I want a story. I want a fake story a happy story a boring story I want to find a way to feel like I am not a waste of space. Like I am not a foregone conclusion.
I did these shows this summer, I worked really hard on them and basically no one came.
People keep saying oh you're so busy you're everywhere you do so many shows. Let me explain why this isn't good: these aren't people who see my shows, have read my work, or know what I do. It's a way of saying "I don't want to see you." People keep apologizing for missing things I've done. People keep asking for copies of my writing but then not reading it.
People just want me to introduce them to other people. No one wants to meet me.
People just want to hurt me. People just want me to die.
I'm not even really being hyperbolic, really. It's deeply scary to feel like these things which are so plain to me are "made up". When people say it's not that bad, I don't need to be so dark, it's not as bad as it seems, I'm making a big deal.

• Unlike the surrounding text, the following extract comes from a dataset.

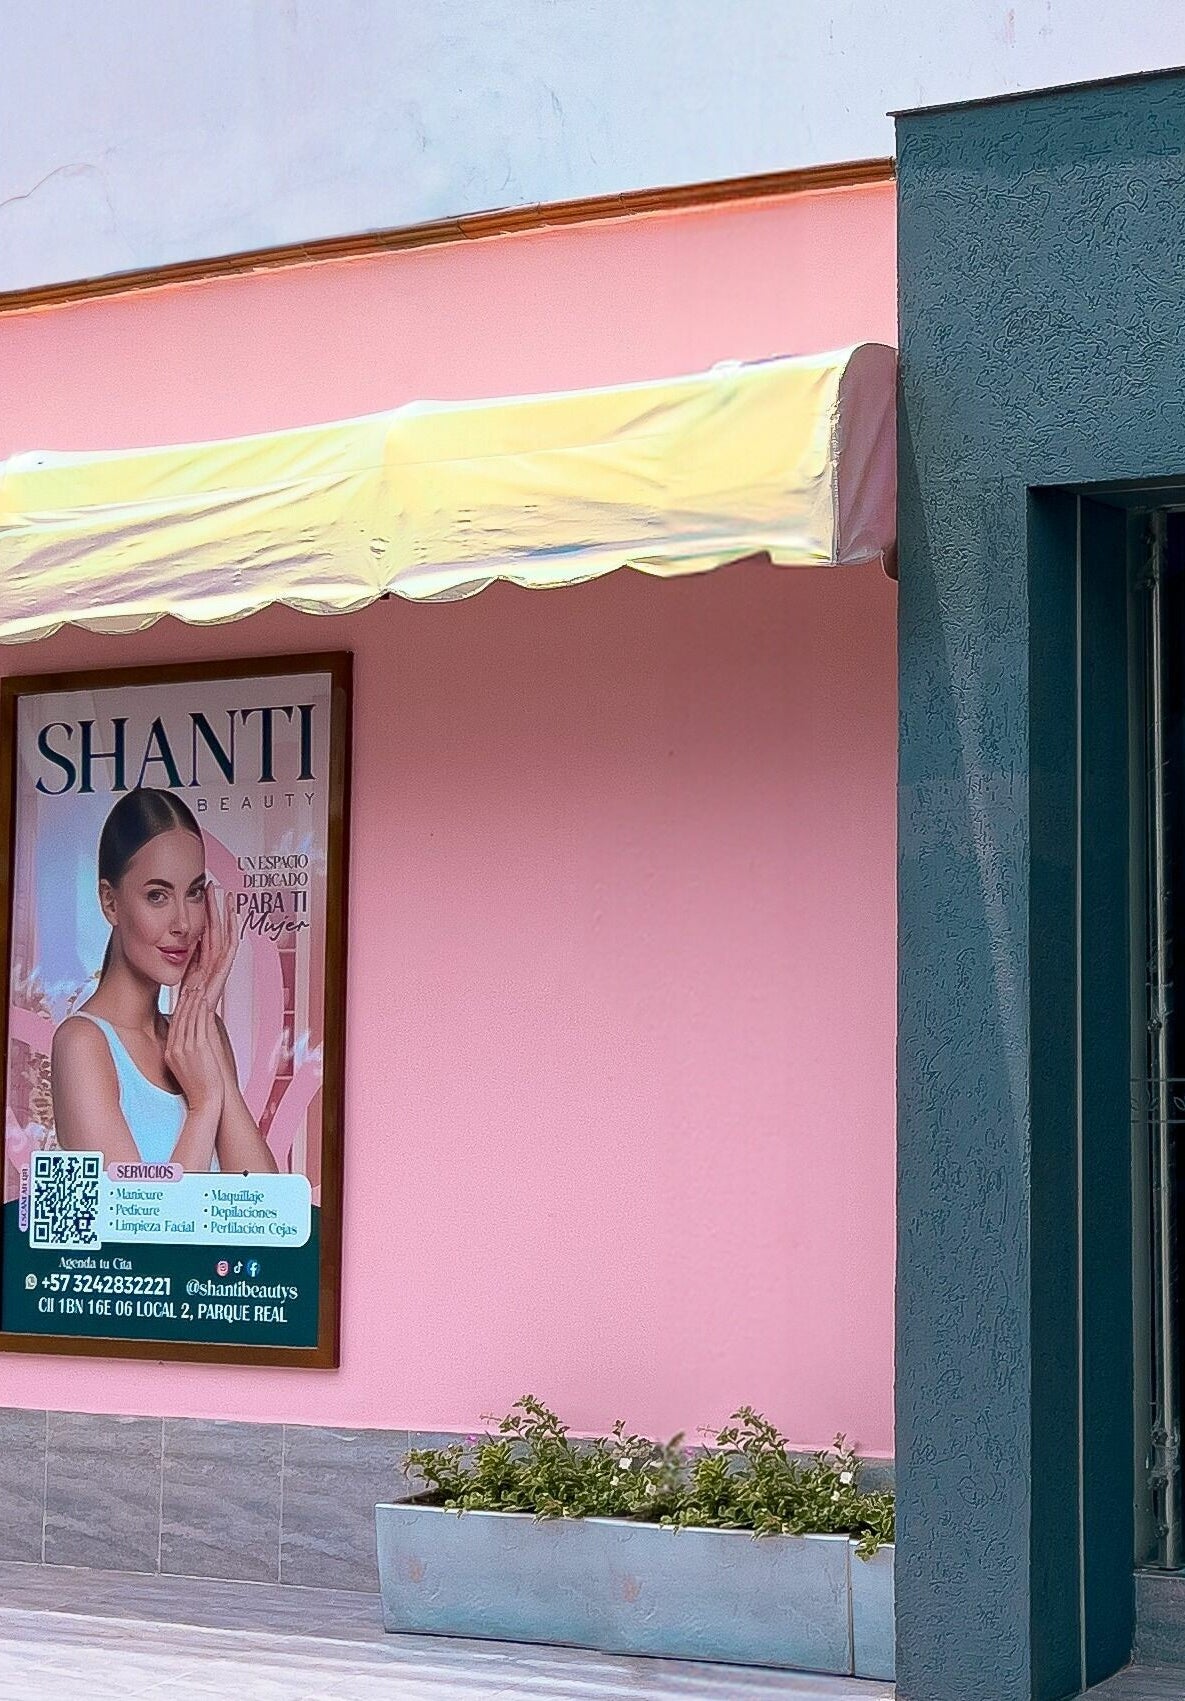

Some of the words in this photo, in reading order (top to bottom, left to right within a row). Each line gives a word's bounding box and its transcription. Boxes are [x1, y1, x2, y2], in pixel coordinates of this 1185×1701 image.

As if I'm making this up, right? As if this is all a fantasy and I'm an asshole for dreaming it up.
As if I'm doing this, thinking this on purpose. As if I could just think a different thought. Instead of thinking "I'm worthless" I could instead think "I'm a person." As if it were that easy.
I'm stuck, man. I have been looking high and low for years. I have enlisted the help of several professionals, several medications, several friends, many many strangers, philosophies, science, art, sex, patience, etc. Nothing works. I cannot find any evidence to the contrary but that I am entirely worthless. That I can't do anything that matters. It sucks.
Even moreso because I want, really badly, to not be in pain. I wish I could change but I don't know how. I so badly want to feel like I make sense somewhere. Like I'm not just an unwelcome intrusion. But instead it becomes either disappear, be a mirror, or be worthless. Stay that way.